Comparison of the effect of the CAG and LSP promoters on gene expression of transgenic mLDLR in HepG2 cell cultures and degradation assay in WHHL fibroblasts. The FACS was conducted for the anti-LDLR immunolabelled cells at day 20 following the gene transfers by Neon electroporation using different vector combinations, indicated in the figure. Transgenic mLDLR expression, driven by the two promoters, was determined by measuring FITC fluorescence of the (a) transgene-expressing cells as well as the gene expression levels of the cells, which correspond to the (b) total intensity of fluorescence.

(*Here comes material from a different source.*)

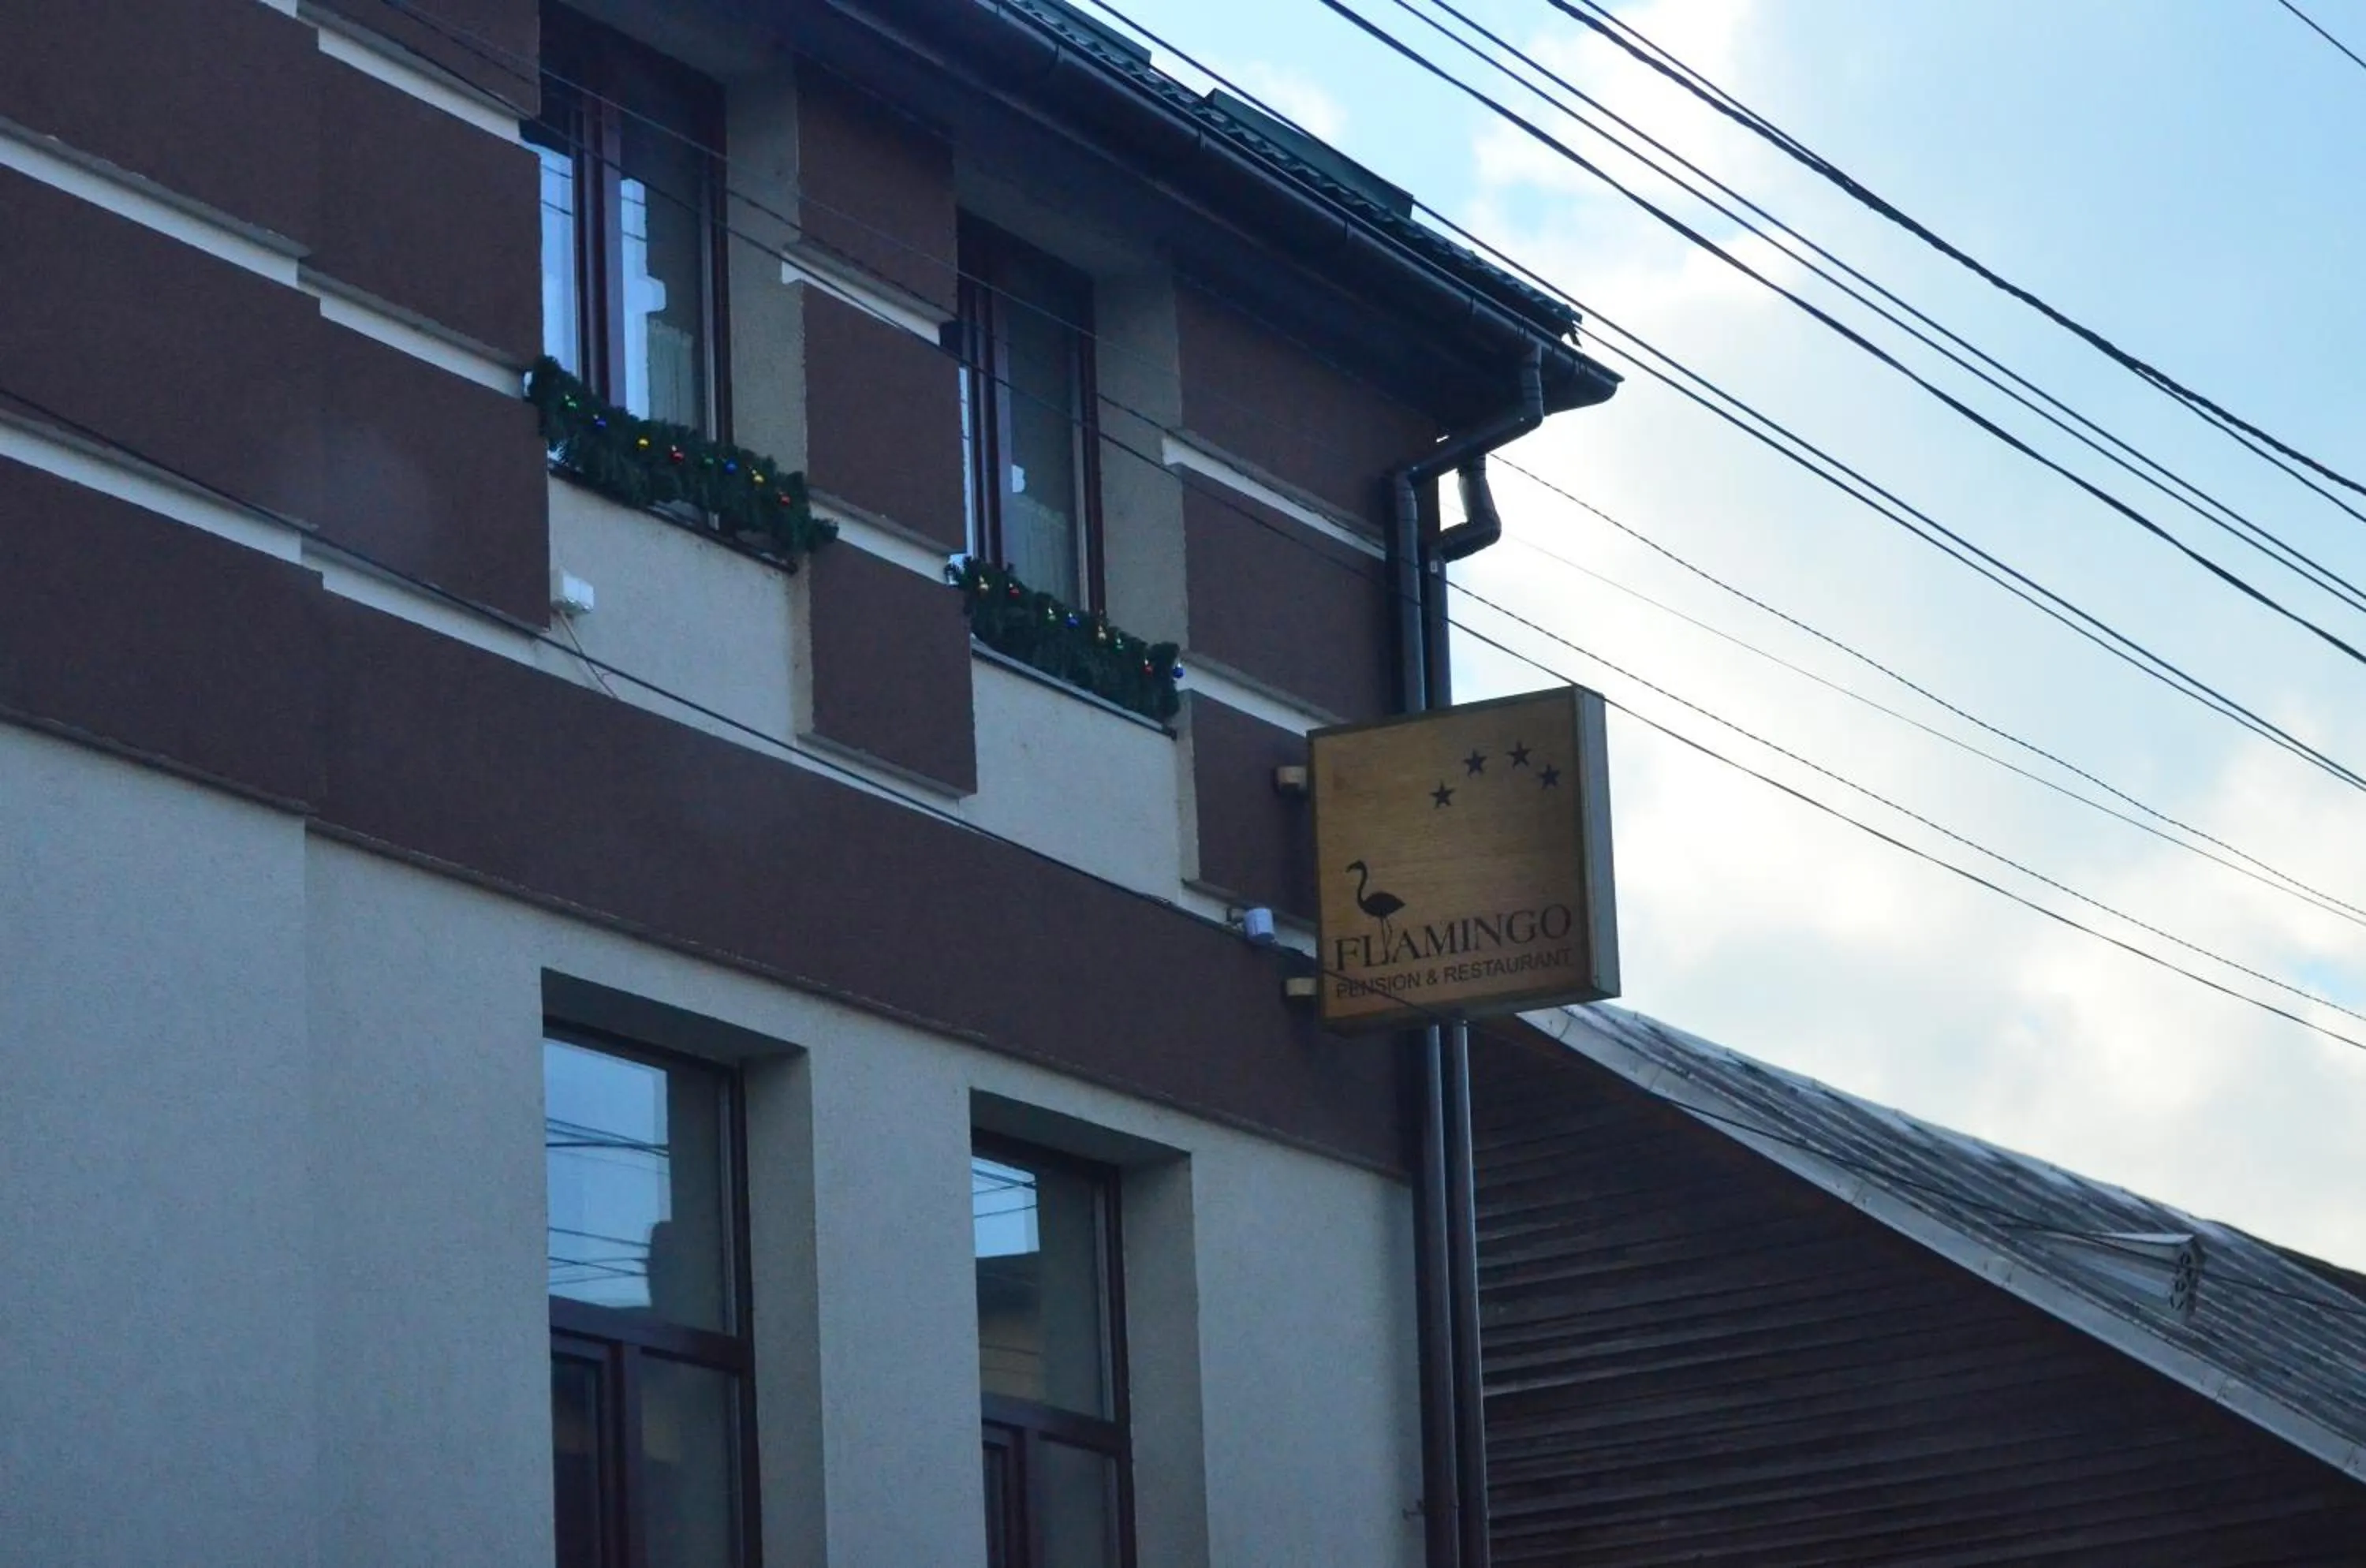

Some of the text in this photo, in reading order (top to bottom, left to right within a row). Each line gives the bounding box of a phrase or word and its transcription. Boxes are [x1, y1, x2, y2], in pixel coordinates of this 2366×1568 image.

[1335, 904, 1572, 971] FLAMINGO
[1336, 947, 1573, 998] PENSION & RESTAURANT

The two promoters performed equally well: no differences were found in the percentage of positive cells or promoter-driven gene expression in total FI between the respective SB100x + T2/CAG-mLDLR and SB100x + T2/LSP-mLDLR vector combinations at any Ts:Tn ratios. In comparison with the nontransfected control cells, the performance of all the investigated vector combinations was found to be significantly improved in terms of both the percentage of positive cells (P < 0.001) and total FI (P < 0.01). Data are expressed as percentage (mean ± SD) of three independent transfection replicates. One-way ANOVA with Tukey's posttest was used in analysis. In degradation assay (c), following the gene transfers with the LDLR carrying transposons, the change in transgenic LDLR mediated ¹²⁵I-LDL degradation was investigated. In WHHL fibroblasts, transfected with mLDLR, degradation of ¹²⁵I-LDL increased 34.4 ± 5.9% (SEM) when compared to the nontransfected control cells, and 146.3 ± 12.9% in the cells transfected with rLDLR. The data were analyzed with one-way ANOVA and are expressed as percentage (mean ± SEM) of three independent transfection replicates. *P < 0.05, ***P < 0.001. a.u., arbitrary units; FI, fluorescence intensity; FITC, fluorescein isothiocyanate; mLDLR, mouse LDLR; rLDLR, rabbit LDLR.